According to Dr Riccardo Ceccarelli, who offers medical support to the Toro Rosso and Lotus F1 teams - and has set up a centre called Formula Medicineexternal-link which conducts research into how an F1 driver can train to the optimum - strength is not as important as many people think.

Lella Lombardi
Lella Lombardi is the only female driver to have finished in the points in F1

"There is a big lack of culture in Formula 1," said Ceccarelli. "Too many drivers focus on physical strength and not enough on the mental side.

"Yes, you need the strong muscles in the neck and upper body so you can have the energy to drive without any tiredness, but once you reach a certain level - there's no more benefit. There's no point putting on extra muscle.

"Endurance training, rather than weight training, then becomes key. The heart will become bigger, which pumps more blood to the brain. That in turn improves the efficiency of the brain and improves the driver's ability to perform all the tasks he needs to perform in the cockpit. Slowly, drivers are coming round to this idea but there's a still long way to go.

"To achieve the optimum in training, our research shows a driver needs to spend just 30% of their time on physical training and the other 70% on brain training. If you can train the brain to be more efficient, it's easier to multi-task and that will make the bigger difference in terms of performance."

So even if women aren't able to match men physically, that doesn't mean they can't be successful. Endurance and mental training needs to be the focus alongside being given a competitive car and a supportive team.

And until now, the latter has always been the problem. From the five women who had a chance in F1, three failed to qualify for a race - they drove cars that simply weren't good enough.

Italian Giovanna Amati, for example, failed to qualify her Brabham in the three races she attempted in 1992. Later that year, Damon Hill, who would go on to win the world championship four years later, struggled to qualify - and didn't always succeed - in the same car.
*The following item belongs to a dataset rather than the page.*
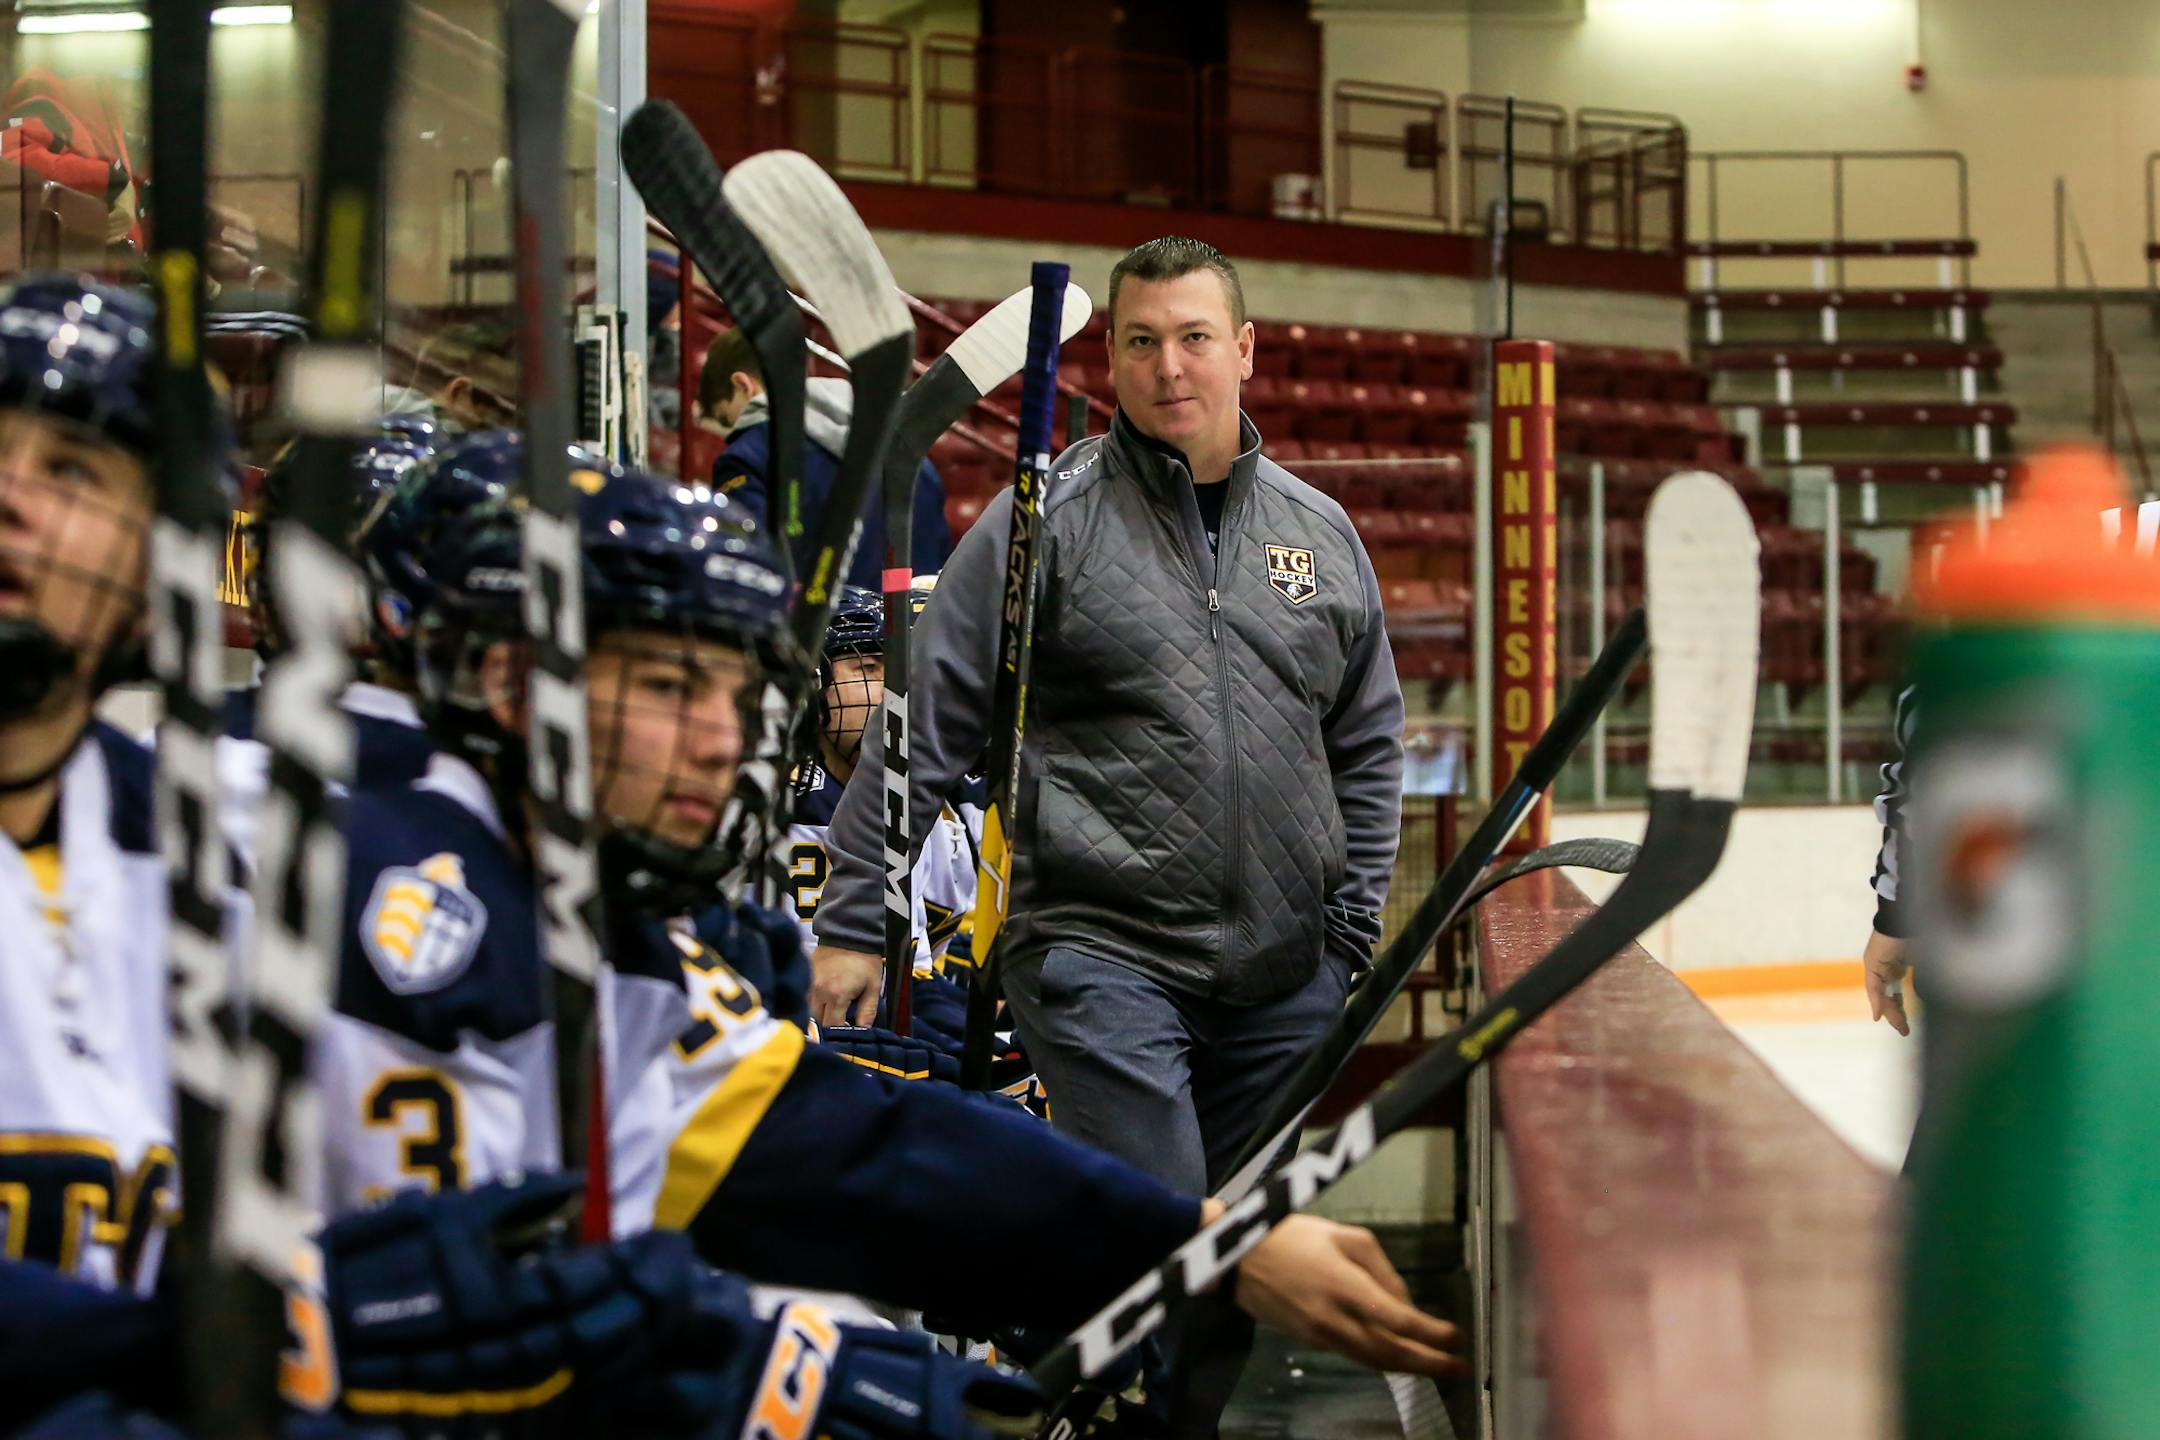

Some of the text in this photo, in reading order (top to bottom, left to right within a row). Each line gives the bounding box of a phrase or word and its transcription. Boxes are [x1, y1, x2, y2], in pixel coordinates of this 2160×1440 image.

In 1975, Lella Lombardi became the first - and as yet only - woman to score a World Championship point in the Spanish Grand Prix, or half-a-point as it turned out because the race was stopped early, when she came sixth in only her third race and went on to enter a further 14 races.

Lombardi aside, four other women were given fewer than three races to adapt to the sport, but for 29-year-old Wolff, now in her seventh season in the German Touring Car series DTM,external-link she has started on a programme with Williams which is aimed at fully preparing her for her racing debut.

So when will we see a female driver be given a real chance to prove herself in an F1 race? "Definitely within the next decade," said Wolff. "There's a few of us close to F1 now. It would just take a massive leap of faith for one of the teams to give a female a chance. There are many people within F1 who would like to see it happen."

Which team principal will be man enough to provide the opportunity?